EXERCISE: Set down every entry once more, character for character.

Collected data:

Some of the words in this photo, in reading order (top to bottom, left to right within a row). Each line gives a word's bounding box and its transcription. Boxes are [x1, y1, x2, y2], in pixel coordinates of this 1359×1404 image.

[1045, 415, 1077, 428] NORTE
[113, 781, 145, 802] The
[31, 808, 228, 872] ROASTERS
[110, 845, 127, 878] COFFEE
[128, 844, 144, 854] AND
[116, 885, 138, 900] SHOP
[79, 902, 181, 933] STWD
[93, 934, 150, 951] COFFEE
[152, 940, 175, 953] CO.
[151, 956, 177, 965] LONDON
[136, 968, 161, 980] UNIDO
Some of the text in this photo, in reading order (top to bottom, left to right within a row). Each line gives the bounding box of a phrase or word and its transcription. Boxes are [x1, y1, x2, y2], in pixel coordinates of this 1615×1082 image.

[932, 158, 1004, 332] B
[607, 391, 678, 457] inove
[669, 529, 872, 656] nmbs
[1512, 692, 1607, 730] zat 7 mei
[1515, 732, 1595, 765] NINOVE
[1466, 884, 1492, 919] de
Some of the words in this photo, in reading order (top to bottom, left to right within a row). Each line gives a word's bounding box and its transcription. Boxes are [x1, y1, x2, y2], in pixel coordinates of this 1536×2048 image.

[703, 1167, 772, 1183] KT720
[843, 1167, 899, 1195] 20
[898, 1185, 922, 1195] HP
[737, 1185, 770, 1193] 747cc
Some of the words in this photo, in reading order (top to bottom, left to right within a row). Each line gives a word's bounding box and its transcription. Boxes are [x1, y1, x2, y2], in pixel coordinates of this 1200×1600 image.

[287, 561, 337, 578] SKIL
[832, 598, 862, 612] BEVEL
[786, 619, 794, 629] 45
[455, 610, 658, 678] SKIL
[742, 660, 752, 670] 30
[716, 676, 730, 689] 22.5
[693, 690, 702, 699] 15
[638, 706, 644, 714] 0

SOLUTION FOR THIS PROBLEM:
Some of the words in this photo, in reading order (top to bottom, left to right within a row). Each line gives a word's bounding box and its transcription. Boxes are [x1, y1, x2, y2], in pixel coordinates of this 1359×1404 image.

[1045, 415, 1077, 428] NORTE
[113, 781, 145, 802] The
[31, 808, 228, 872] ROASTERS
[110, 845, 127, 878] COFFEE
[128, 844, 144, 854] AND
[116, 885, 138, 900] SHOP
[79, 902, 181, 933] STWD
[93, 934, 150, 951] COFFEE
[152, 940, 175, 953] CO.
[151, 956, 177, 965] LONDON
[136, 968, 161, 980] UNIDO
Some of the text in this photo, in reading order (top to bottom, left to right within a row). Each line gives the bounding box of a phrase or word and its transcription. Boxes are [x1, y1, x2, y2], in pixel coordinates of this 1615×1082 image.

[932, 158, 1004, 332] B
[607, 391, 678, 457] inove
[669, 529, 872, 656] nmbs
[1512, 692, 1607, 730] zat 7 mei
[1515, 732, 1595, 765] NINOVE
[1466, 884, 1492, 919] de
Some of the words in this photo, in reading order (top to bottom, left to right within a row). Each line gives a word's bounding box and its transcription. Boxes are [x1, y1, x2, y2], in pixel coordinates of this 1536×2048 image.

[703, 1167, 772, 1183] KT720
[843, 1167, 899, 1195] 20
[898, 1185, 922, 1195] HP
[737, 1185, 770, 1193] 747cc
Some of the words in this photo, in reading order (top to bottom, left to right within a row). Each line gives a word's bounding box and its transcription. Boxes are [x1, y1, x2, y2], in pixel coordinates of this 1200×1600 image.

[287, 561, 337, 578] SKIL
[832, 598, 862, 612] BEVEL
[786, 619, 794, 629] 45
[455, 610, 658, 678] SKIL
[742, 660, 752, 670] 30
[716, 676, 730, 689] 22.5
[693, 690, 702, 699] 15
[638, 706, 644, 714] 0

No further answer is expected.